_SOURCE INFORMATION_:
---+---

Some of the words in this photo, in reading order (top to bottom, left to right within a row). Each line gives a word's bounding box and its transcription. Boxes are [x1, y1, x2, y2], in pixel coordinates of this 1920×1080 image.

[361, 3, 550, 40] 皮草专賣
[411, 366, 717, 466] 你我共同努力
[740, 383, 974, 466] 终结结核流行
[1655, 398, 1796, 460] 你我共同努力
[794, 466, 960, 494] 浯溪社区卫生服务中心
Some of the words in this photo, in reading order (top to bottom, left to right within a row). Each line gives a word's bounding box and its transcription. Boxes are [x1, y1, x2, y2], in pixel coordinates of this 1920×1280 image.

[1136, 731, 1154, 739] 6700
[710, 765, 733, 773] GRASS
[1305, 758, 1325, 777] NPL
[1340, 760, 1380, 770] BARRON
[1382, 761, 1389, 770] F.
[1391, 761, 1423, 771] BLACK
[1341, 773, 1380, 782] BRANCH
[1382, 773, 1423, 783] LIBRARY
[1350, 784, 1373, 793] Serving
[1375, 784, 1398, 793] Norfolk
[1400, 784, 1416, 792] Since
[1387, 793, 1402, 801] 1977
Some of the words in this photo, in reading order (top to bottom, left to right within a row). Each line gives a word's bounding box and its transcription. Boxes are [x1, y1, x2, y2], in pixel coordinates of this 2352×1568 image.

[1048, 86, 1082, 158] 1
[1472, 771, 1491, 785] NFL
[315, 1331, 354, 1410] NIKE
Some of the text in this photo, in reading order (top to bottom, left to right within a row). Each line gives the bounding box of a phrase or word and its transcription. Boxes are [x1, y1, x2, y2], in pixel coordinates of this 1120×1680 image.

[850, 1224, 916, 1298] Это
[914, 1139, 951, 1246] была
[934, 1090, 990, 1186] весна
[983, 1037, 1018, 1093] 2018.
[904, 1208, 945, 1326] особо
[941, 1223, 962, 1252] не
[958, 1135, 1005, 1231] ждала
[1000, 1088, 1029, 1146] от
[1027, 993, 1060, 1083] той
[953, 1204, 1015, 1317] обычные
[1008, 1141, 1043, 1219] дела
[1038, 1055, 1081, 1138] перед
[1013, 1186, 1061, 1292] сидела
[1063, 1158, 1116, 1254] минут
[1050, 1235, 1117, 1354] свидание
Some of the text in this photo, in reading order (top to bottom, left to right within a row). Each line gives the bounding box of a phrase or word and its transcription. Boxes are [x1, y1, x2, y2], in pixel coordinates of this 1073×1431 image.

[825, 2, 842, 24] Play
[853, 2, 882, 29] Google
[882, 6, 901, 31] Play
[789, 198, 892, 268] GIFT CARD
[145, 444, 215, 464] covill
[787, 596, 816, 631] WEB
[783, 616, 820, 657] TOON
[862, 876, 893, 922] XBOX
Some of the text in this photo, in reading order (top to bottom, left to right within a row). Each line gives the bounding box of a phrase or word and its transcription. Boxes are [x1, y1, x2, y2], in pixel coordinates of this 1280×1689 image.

---+---

Restate the whole listing exactly, leaving out nothing.

Some of the words in this photo, in reading order (top to bottom, left to right within a row). Each line gives a word's bounding box and its transcription. Boxes are [x1, y1, x2, y2], in pixel coordinates of this 1920×1080 image.

[361, 3, 550, 40] 皮草专賣
[411, 366, 717, 466] 你我共同努力
[740, 383, 974, 466] 终结结核流行
[1655, 398, 1796, 460] 你我共同努力
[794, 466, 960, 494] 浯溪社区卫生服务中心
Some of the words in this photo, in reading order (top to bottom, left to right within a row). Each line gives a word's bounding box and its transcription. Boxes are [x1, y1, x2, y2], in pixel coordinates of this 1920×1280 image.

[1136, 731, 1154, 739] 6700
[710, 765, 733, 773] GRASS
[1305, 758, 1325, 777] NPL
[1340, 760, 1380, 770] BARRON
[1382, 761, 1389, 770] F.
[1391, 761, 1423, 771] BLACK
[1341, 773, 1380, 782] BRANCH
[1382, 773, 1423, 783] LIBRARY
[1350, 784, 1373, 793] Serving
[1375, 784, 1398, 793] Norfolk
[1400, 784, 1416, 792] Since
[1387, 793, 1402, 801] 1977
Some of the words in this photo, in reading order (top to bottom, left to right within a row). Each line gives a word's bounding box and its transcription. Boxes are [x1, y1, x2, y2], in pixel coordinates of this 2352×1568 image.

[1048, 86, 1082, 158] 1
[1472, 771, 1491, 785] NFL
[315, 1331, 354, 1410] NIKE
Some of the text in this photo, in reading order (top to bottom, left to right within a row). Each line gives the bounding box of a phrase or word and its transcription. Boxes are [x1, y1, x2, y2], in pixel coordinates of this 1120×1680 image.

[850, 1224, 916, 1298] Это
[914, 1139, 951, 1246] была
[934, 1090, 990, 1186] весна
[983, 1037, 1018, 1093] 2018.
[904, 1208, 945, 1326] особо
[941, 1223, 962, 1252] не
[958, 1135, 1005, 1231] ждала
[1000, 1088, 1029, 1146] от
[1027, 993, 1060, 1083] той
[953, 1204, 1015, 1317] обычные
[1008, 1141, 1043, 1219] дела
[1038, 1055, 1081, 1138] перед
[1013, 1186, 1061, 1292] сидела
[1063, 1158, 1116, 1254] минут
[1050, 1235, 1117, 1354] свидание
Some of the text in this photo, in reading order (top to bottom, left to right within a row). Each line gives the bounding box of a phrase or word and its transcription. Boxes are [x1, y1, x2, y2], in pixel coordinates of this 1073×1431 image.

[825, 2, 842, 24] Play
[853, 2, 882, 29] Google
[882, 6, 901, 31] Play
[789, 198, 892, 268] GIFT CARD
[145, 444, 215, 464] covill
[787, 596, 816, 631] WEB
[783, 616, 820, 657] TOON
[862, 876, 893, 922] XBOX
Some of the text in this photo, in reading order (top to bottom, left to right within a row). Each line gives the bounding box of a phrase or word and its transcription. Boxes are [x1, y1, x2, y2], in pixel coordinates of this 1280×1689 image.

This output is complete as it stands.